En revanche, ce que reconnaît la CrEDH, c’est le devoir pour les Etats de justifier tous les traitements qui semblent discriminatoires en dehors de l'institution du mariage. Ainsi, si des couples hétérosexuels non mariés ont plus de facilité à adopter l’enfant de l’autre partenaire, il doit en être de même pour les couples homosexuels non mariés (voir l’arrêt X et autres précité, par. 153). Ainsi, la Cour accepte les arguments en lien avec les visions traditionnelles de la famille de la part des Etats justifiant le refus du mariage des couples homosexuels mais voit une discrimination dans l'inégalité de traitement touchant ces couples non mariés. La jurisprudence de la CrEDH, dont les arrêts sont contraignants (art. 46 CEDH), doit être suivie, respectée et appliquée en Suisse.

Encore un long chemin vers l’égalité des personnes LGBTIQ+

Aujourd’hui saluée pour cette évolution positive longuement attendue, la Suisse a longtemps été critiquée par ses voisins et par les associations actives dans le milieu de la promotion des droits des personnes LGBTIQ+. Elle ne figure actuellement qu’au 23e rang dans le classement ILGA-Europe des pays en fonction de l’égalité des droits des personnes LGBTIQ+, avec un taux d’égalité de 36%, ce qui reste bien inférieur à la moyenne européenne de 48%. Les statistiques officielles sur les discriminations envers les personnes LGBTIQ+ sont clairement insuffisantes en Suisse mais la (grande) majorité des personnes appartenant à cette communauté déclarent avoir été victime de discrimination en raison de leur appartenance sexuelle.

Malgré les oppositions de certains partis politiques, la grande majorité de la population suisse est toutefois favorable au mariage pour toutes et tous.
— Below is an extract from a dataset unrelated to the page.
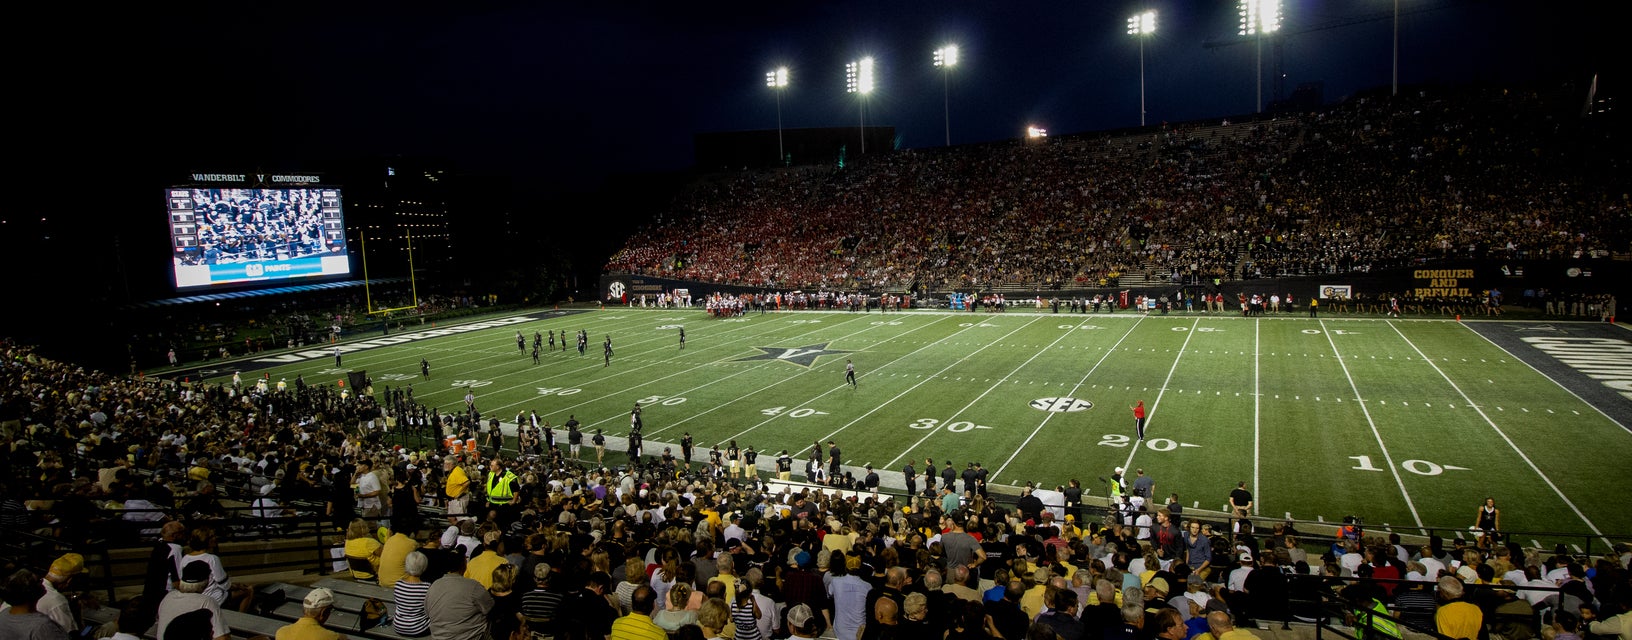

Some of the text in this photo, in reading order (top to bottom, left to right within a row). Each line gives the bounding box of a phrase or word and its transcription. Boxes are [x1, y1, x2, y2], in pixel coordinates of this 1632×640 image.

Derrière cette question, c’est l’évolution de la société face aux traditions civiles et religieuses qui se joue. Les arguments avancés par le comité référendaire reposent avant tout sur la place traditionnelle du mariage dans notre société et du rôle de l’homme et de la femme au sein de celui-ci. Depuis de nombreuses années maintenant, toutes les associations de lutte contre la discrimination à l’encontre des personnes LGBTIQ+ prônent à l’inverse l’évolution des schémas traditionnels de la famille et du mariage, et plus largement la tolérance. A l’instar des droits des femmes, la société a encore du chemin à faire pour octroyer aux personnes LGBTIQ+ les mêmes droits et la même protection qu’à tout autre individu. L’octroi de droits tels que celui de se marier ou de fonder une famille est un premier pas vers une plus grande égalité, mais la Suisse ne doit pas s’arrêter là; elle doit davantage protéger les personnes transgenres, interdire les interventions médicales sur les mineur·e·s intersexué·e·s lorsque cela n’est pas nécessaire et accorder plus facilement l’asile aux personnes homosexuelles.